The Post Quiz - Weird Canada: Answers
Created | Updated Jun 11, 2017
We have one question: How do they manage to do all this in that much snow?
Weird Canada: Answers
The answers to this quiz may surprise you, unless you've been to Winnipeg for a film festival lately.
- Wicked Canadian theatre owner Ambrose Small is reputed to reappear as a ghost at the Grand Opera House in Toronto. What naughty thing does he do?
- Fondles actresses. (True to form.)
- Ambrose Small disappeared mysteriously in 1919. What did Charles Fort have to say about this incident?
- 'Was somebody collecting Ambroses?' (Referring to Ambrose Bierce's 1914 disappearance.)
- In 1989, renters in a small apartment house in Beauport, Quebec, were forced to move. The loud bangs and sudden holes in their walls were driving them crazy. What did local authorities decide was the cause of the disturbance?
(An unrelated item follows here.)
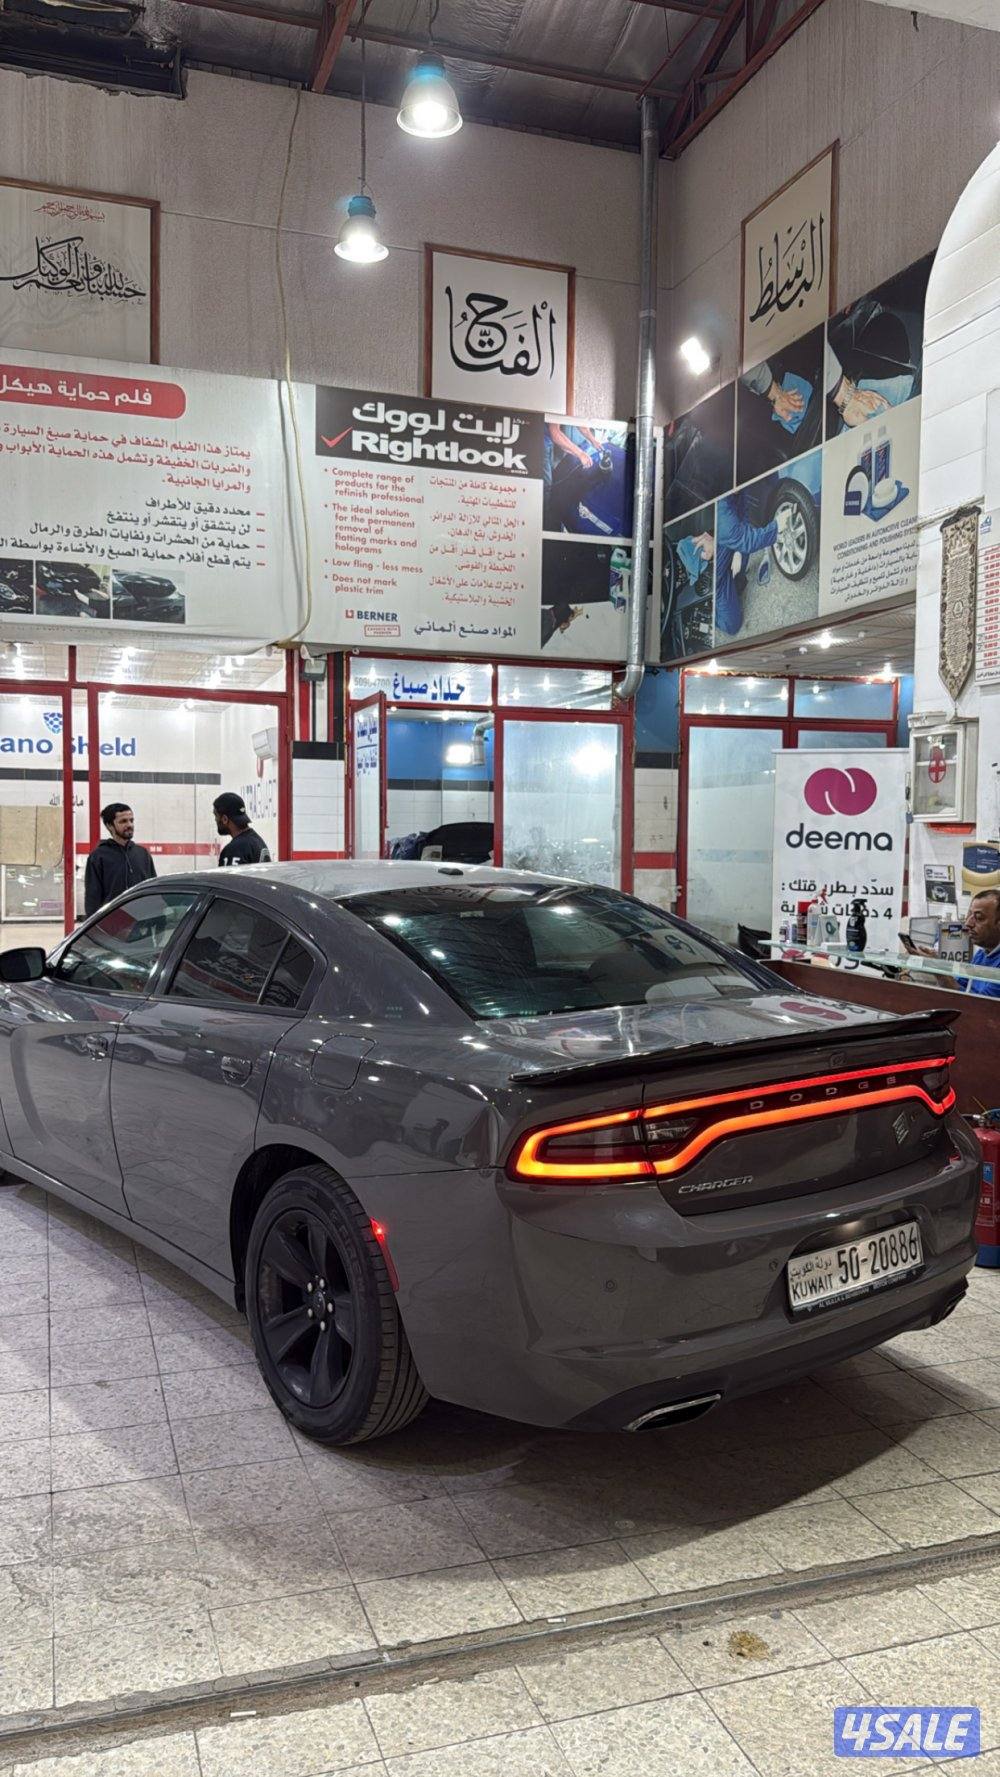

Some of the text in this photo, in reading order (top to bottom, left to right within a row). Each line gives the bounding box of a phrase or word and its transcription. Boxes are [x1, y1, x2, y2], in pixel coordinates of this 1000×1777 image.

- Uneven subsidence from dry weather. (How boring. But the clay soil was drying out.)
- In 1924, Canadian prospector Albert Ostman arrived at a mining camp with a hair-raising tale. What harrowing experience did he report?
- He had been abducted by Sasquatches. (Only in Canada. They held him for six days before he escaped.)
- William Lyon Mackenzie King (1874-1950) was Prime Minister of Canada. What unusual hobby was he famous for?
- Talking to dead people. (Whether he discussed politics with them is a subject of fierce historical debate. No, seriously.)
- Back in the 1930s, some very respectable Canadian researchers were into collecting teleplasm. What is this, and would you want it in your living room?
- No, it's even yuckier than that slime in Ghostbusters. It's viscous ectoplasm. (Sometimes it has faces in. Here are some Canadian teleplasm photos. It's creepy stuff.)
- Canadian inventor Arthur Matthews was an intense admirer of Nikola Tesla. According to Matthews, what was Tesla by nationality?
- A space alien. (The Venusians told him so.)
- Arthur Matthews was a serious inventor. He had patents. He liked to discuss his work with visitors. According to him, some of his visitors came from how far away?
- Venus. (One commentator suggested thinking of Matthews along with John Forbes Nash.)
- Still talking about Tesla: Canadian anti-gravity expert John Hutchison is also a fan. According to him, why did neighbours object to his carrying out anti-gravity experiments at home?
- They made objects in their houses float randomly. (The Hutchison Effect is hotly debated, and the subject of conspiracy theories about its weaponisation. Of course it is: if you find something this wonderful, you have to weaponise it immediately.)
- On to anthropology: Canadian researcher Wade Davis is an expert on the pharmacological basis of what horror-movie staple?
- Zombies. (Drugs made from fugu fish relatives, nasty shamans, slavery. Read about it, if you haven't yet, in The Serpent and the Rainbow.)
Believe it or not, I got all these questions from a Canadian television show called Portal to the Unknown. (But I double-checked the facts.) I recommend the series: it's low-budget, but informative. Somehow, supernatural doings seem such much less scary when described in a Canadian accent.